>>

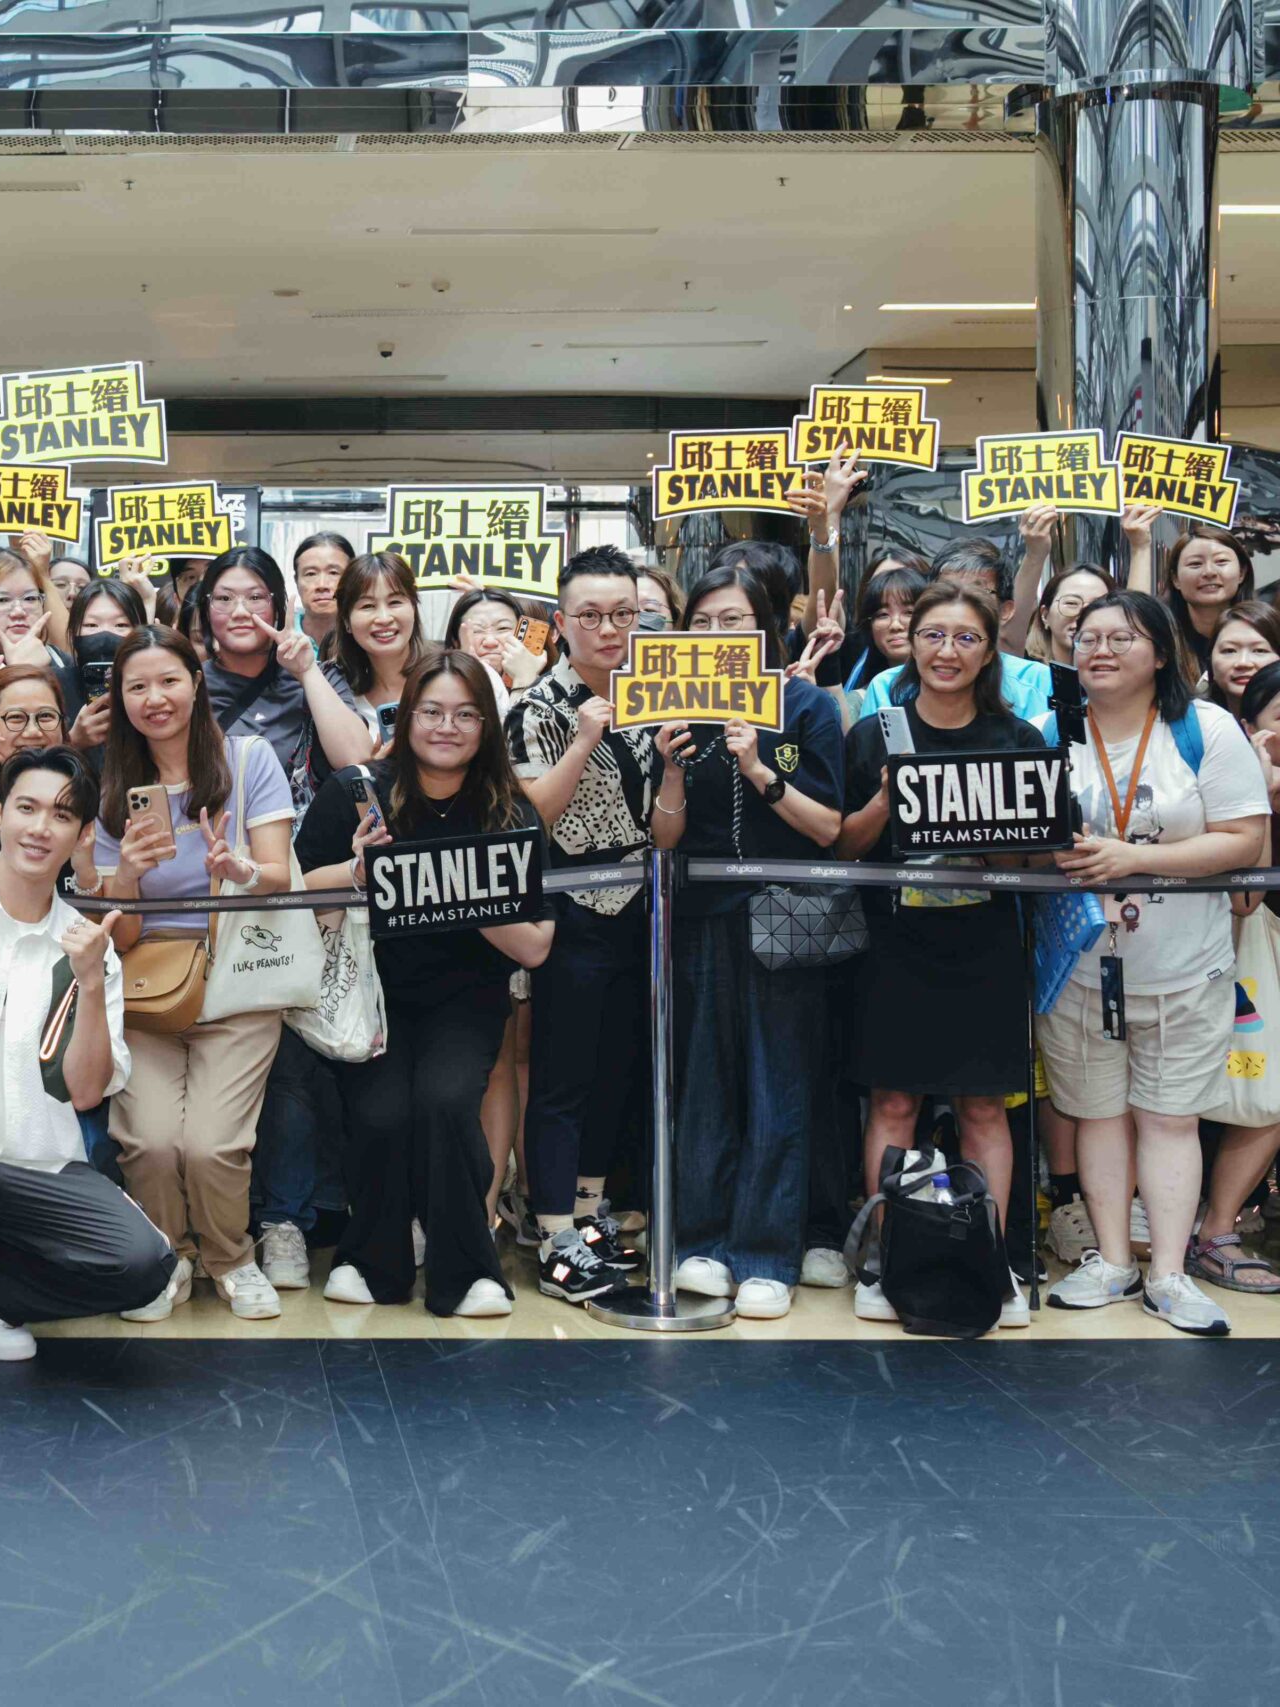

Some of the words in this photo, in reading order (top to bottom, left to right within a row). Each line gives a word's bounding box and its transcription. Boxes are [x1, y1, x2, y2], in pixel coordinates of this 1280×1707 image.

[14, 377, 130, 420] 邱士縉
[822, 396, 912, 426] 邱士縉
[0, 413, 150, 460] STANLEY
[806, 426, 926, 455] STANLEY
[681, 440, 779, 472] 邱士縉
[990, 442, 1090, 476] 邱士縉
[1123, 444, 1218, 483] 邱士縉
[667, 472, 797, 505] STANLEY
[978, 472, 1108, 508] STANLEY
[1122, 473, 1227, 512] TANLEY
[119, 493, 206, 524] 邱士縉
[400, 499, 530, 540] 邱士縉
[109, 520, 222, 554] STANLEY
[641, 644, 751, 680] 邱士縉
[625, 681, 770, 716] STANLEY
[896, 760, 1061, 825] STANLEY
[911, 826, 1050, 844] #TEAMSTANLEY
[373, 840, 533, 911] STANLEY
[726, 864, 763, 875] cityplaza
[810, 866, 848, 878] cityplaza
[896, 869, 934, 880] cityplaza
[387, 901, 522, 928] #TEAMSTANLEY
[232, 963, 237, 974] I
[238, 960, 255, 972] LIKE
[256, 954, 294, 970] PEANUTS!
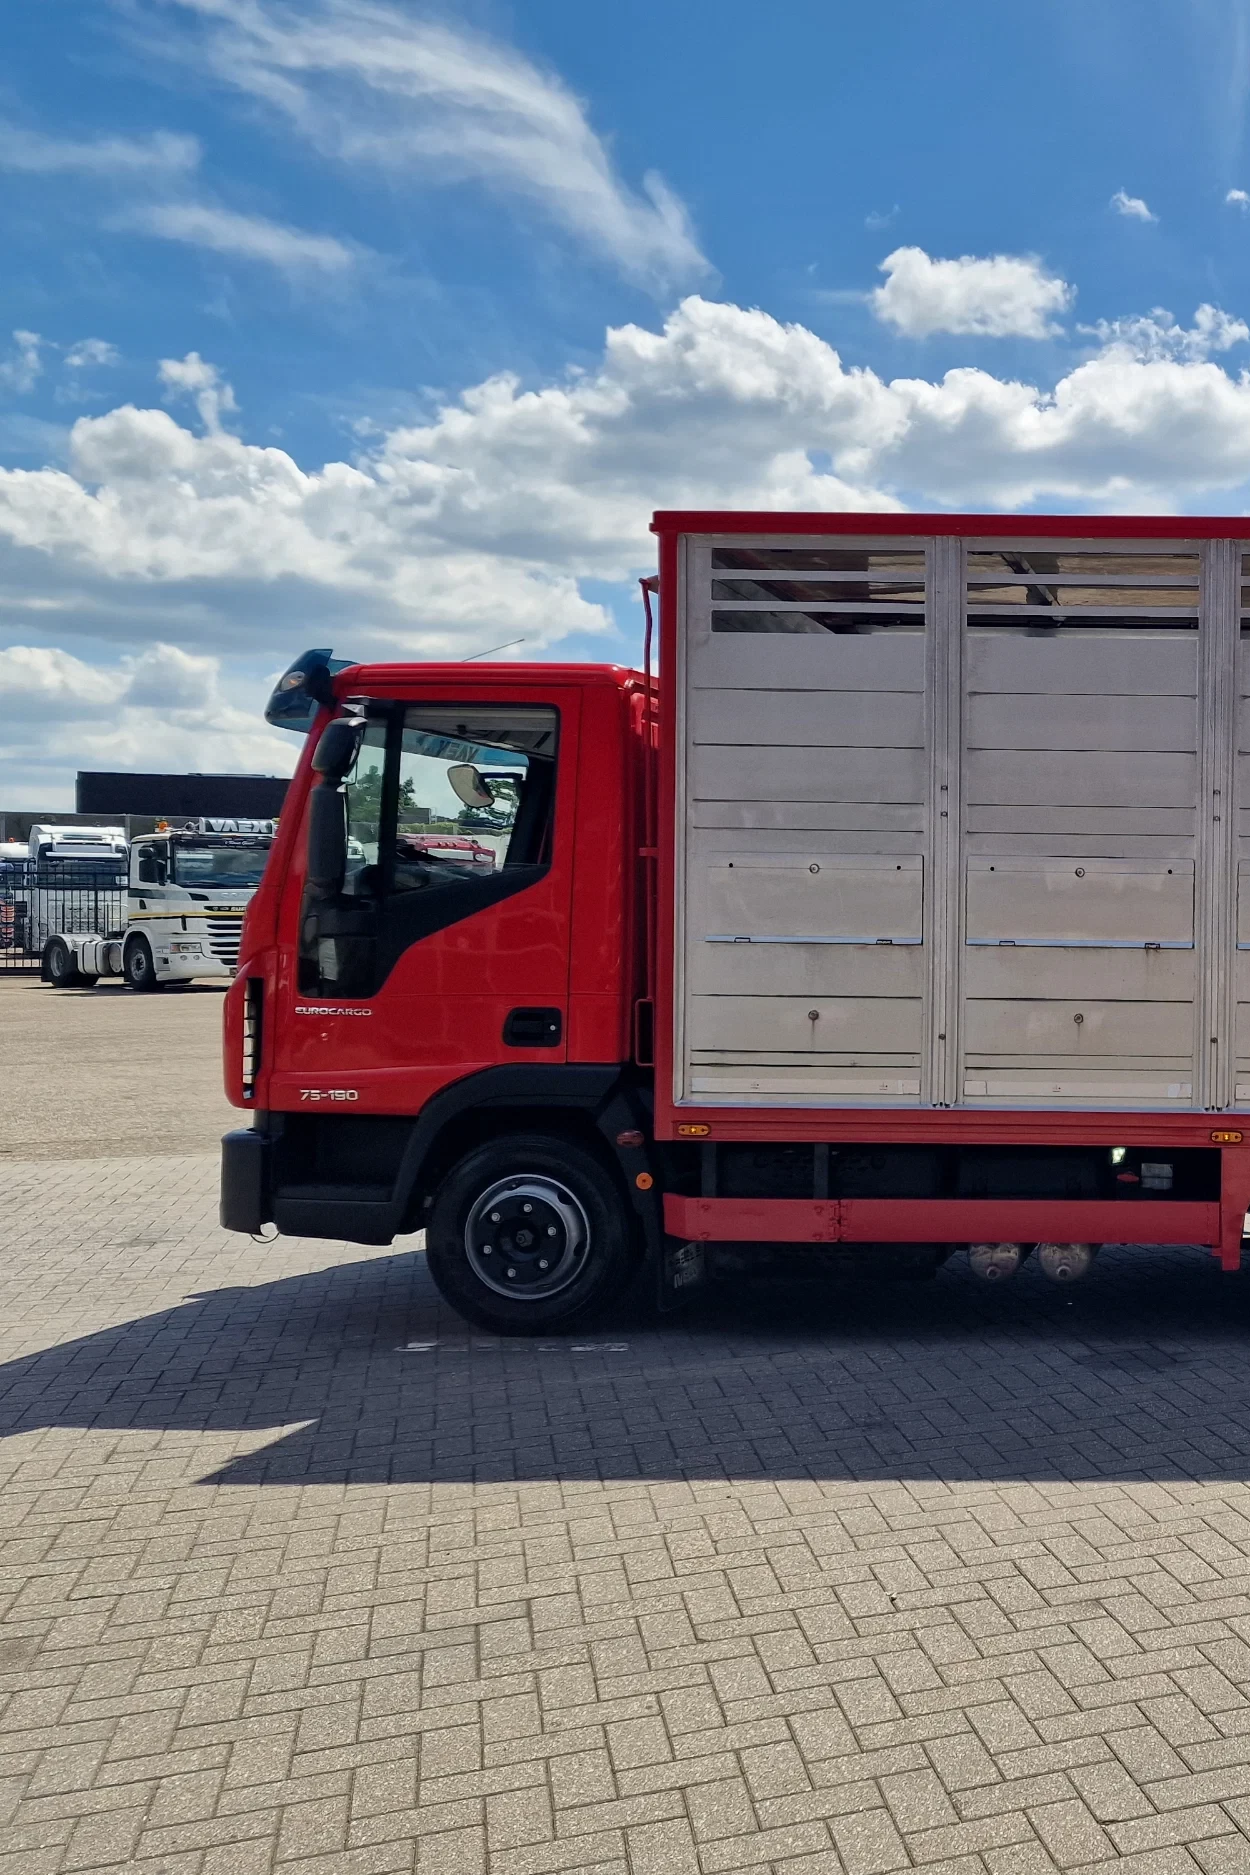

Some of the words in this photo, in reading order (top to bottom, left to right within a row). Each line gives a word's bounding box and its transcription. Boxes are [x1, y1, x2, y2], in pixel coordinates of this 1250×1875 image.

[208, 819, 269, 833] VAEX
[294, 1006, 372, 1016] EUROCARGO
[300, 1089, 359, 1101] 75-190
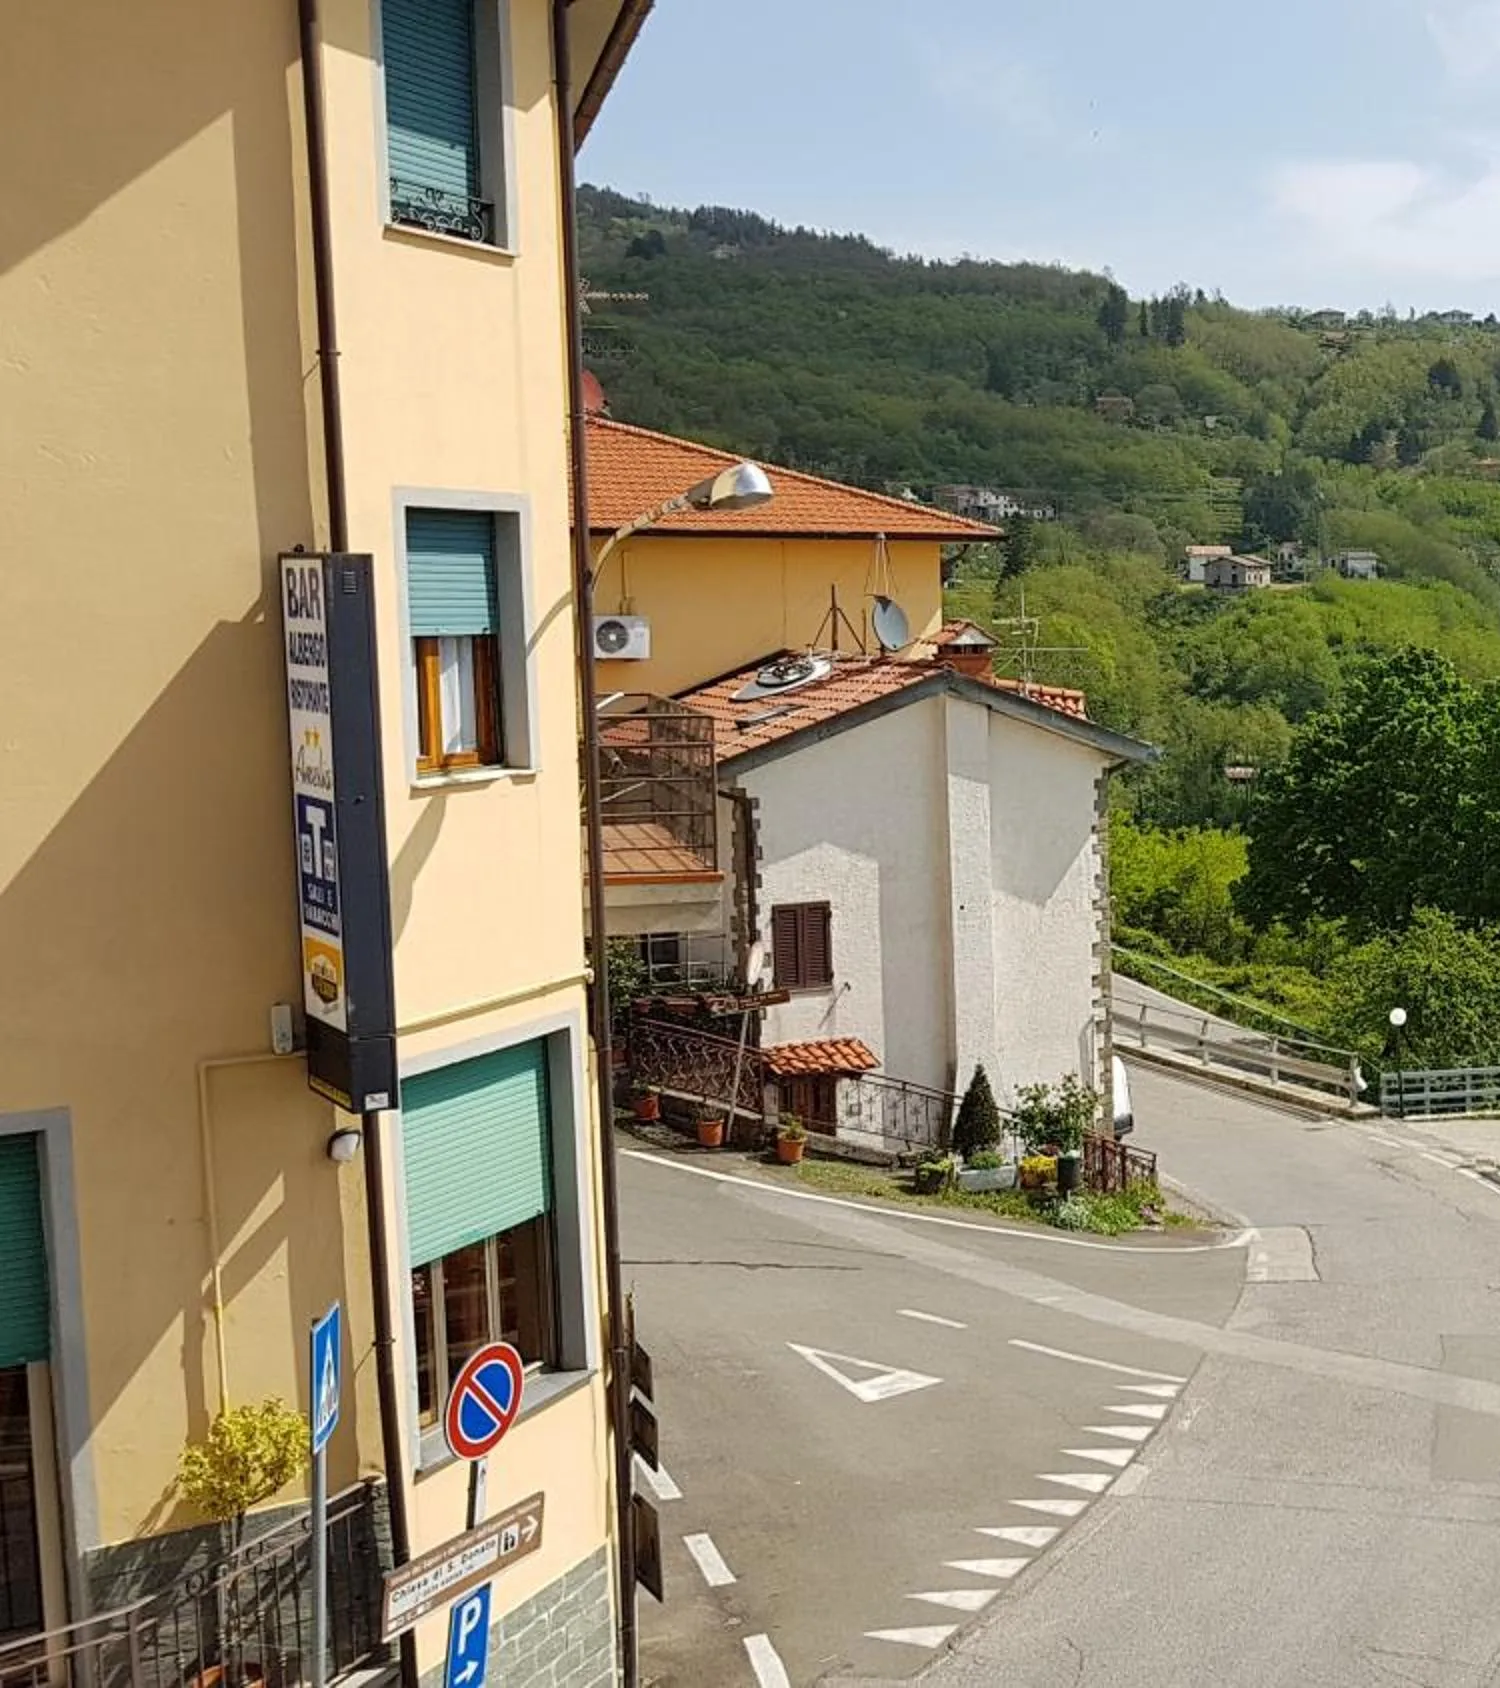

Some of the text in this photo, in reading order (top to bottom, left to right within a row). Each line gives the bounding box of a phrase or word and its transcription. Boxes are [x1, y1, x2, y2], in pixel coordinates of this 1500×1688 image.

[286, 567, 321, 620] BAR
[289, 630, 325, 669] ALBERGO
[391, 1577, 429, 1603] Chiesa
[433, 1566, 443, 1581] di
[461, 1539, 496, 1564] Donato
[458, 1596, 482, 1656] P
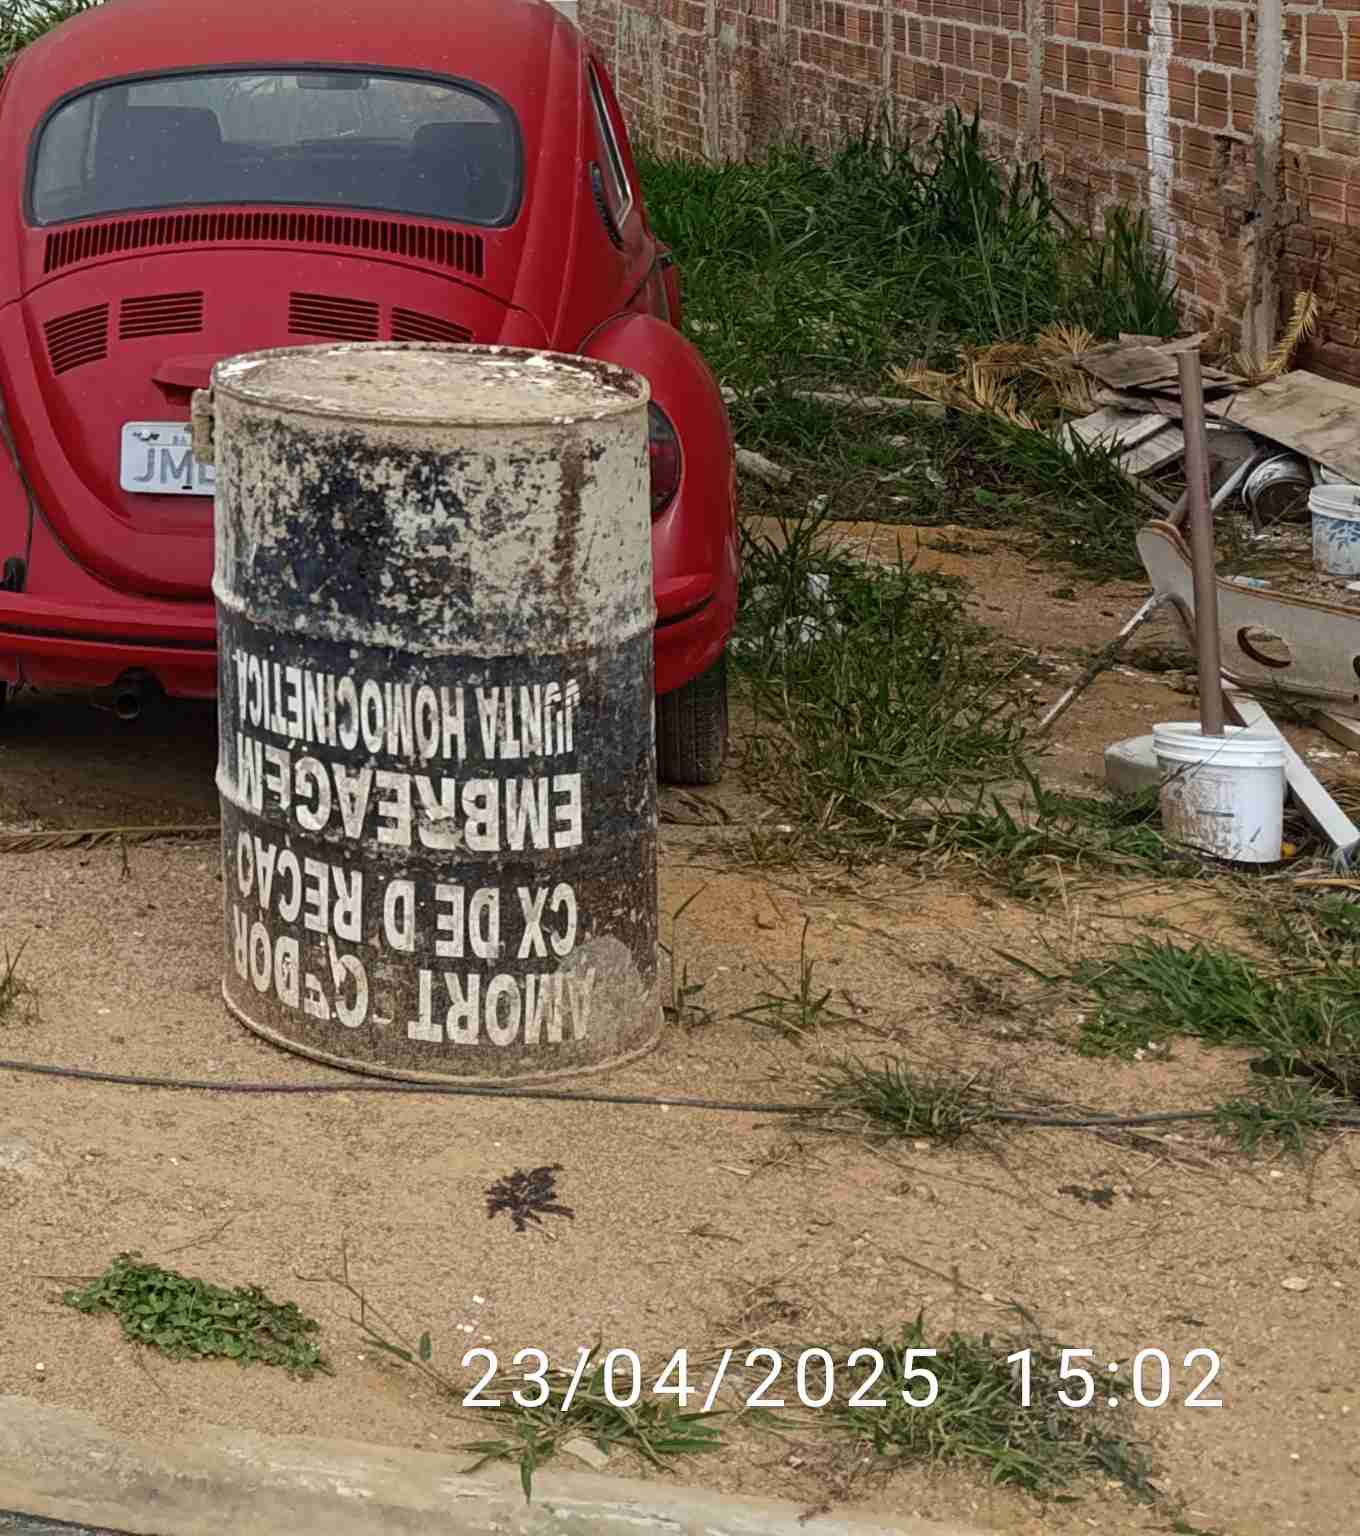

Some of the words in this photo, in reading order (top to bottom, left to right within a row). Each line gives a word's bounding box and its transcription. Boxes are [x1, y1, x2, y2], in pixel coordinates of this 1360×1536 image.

<<

§ Work to complete
The copy you produce must hold all the records above exactly and none of their pictures.

§ Written solution
Some of the words in this photo, in reading order (top to bottom, left to right within a row). Each line gives a word's bounding box and its transcription. Boxes are [x1, y1, x2, y2], in pixel coordinates of this 1280×1707 image.

[14, 377, 130, 420] 邱士縉
[822, 396, 912, 426] 邱士縉
[0, 413, 150, 460] STANLEY
[806, 426, 926, 455] STANLEY
[681, 440, 779, 472] 邱士縉
[990, 442, 1090, 476] 邱士縉
[1123, 444, 1218, 483] 邱士縉
[667, 472, 797, 505] STANLEY
[978, 472, 1108, 508] STANLEY
[1122, 473, 1227, 512] TANLEY
[119, 493, 206, 524] 邱士縉
[400, 499, 530, 540] 邱士縉
[109, 520, 222, 554] STANLEY
[641, 644, 751, 680] 邱士縉
[625, 681, 770, 716] STANLEY
[896, 760, 1061, 825] STANLEY
[911, 826, 1050, 844] #TEAMSTANLEY
[373, 840, 533, 911] STANLEY
[726, 864, 763, 875] cityplaza
[810, 866, 848, 878] cityplaza
[896, 869, 934, 880] cityplaza
[387, 901, 522, 928] #TEAMSTANLEY
[232, 963, 237, 974] I
[238, 960, 255, 972] LIKE
[256, 954, 294, 970] PEANUTS!

Some of the words in this photo, in reading order (top to bottom, left to right within a row). Each line gives a word's bounding box and its transcription. Boxes are [x1, y1, x2, y2], in pixel coordinates of this 1250×1875 image.

[208, 819, 269, 833] VAEX
[294, 1006, 372, 1016] EUROCARGO
[300, 1089, 359, 1101] 75-190

Some of the text in this photo, in reading order (top to bottom, left to right within a row). Each line gives the bounding box of a phrase or word and its transcription. Boxes are [x1, y1, x2, y2], in pixel coordinates of this 1500×1688 image.

[286, 567, 321, 620] BAR
[289, 630, 325, 669] ALBERGO
[391, 1577, 429, 1603] Chiesa
[433, 1566, 443, 1581] di
[461, 1539, 496, 1564] Donato
[458, 1596, 482, 1656] P

Some of the words in this photo, in reading order (top to bottom, left to right within a row). Each line gives a word's bounding box and its transcription. Boxes are [x1, y1, x2, y2], in pixel coordinates of this 1360×1536 image.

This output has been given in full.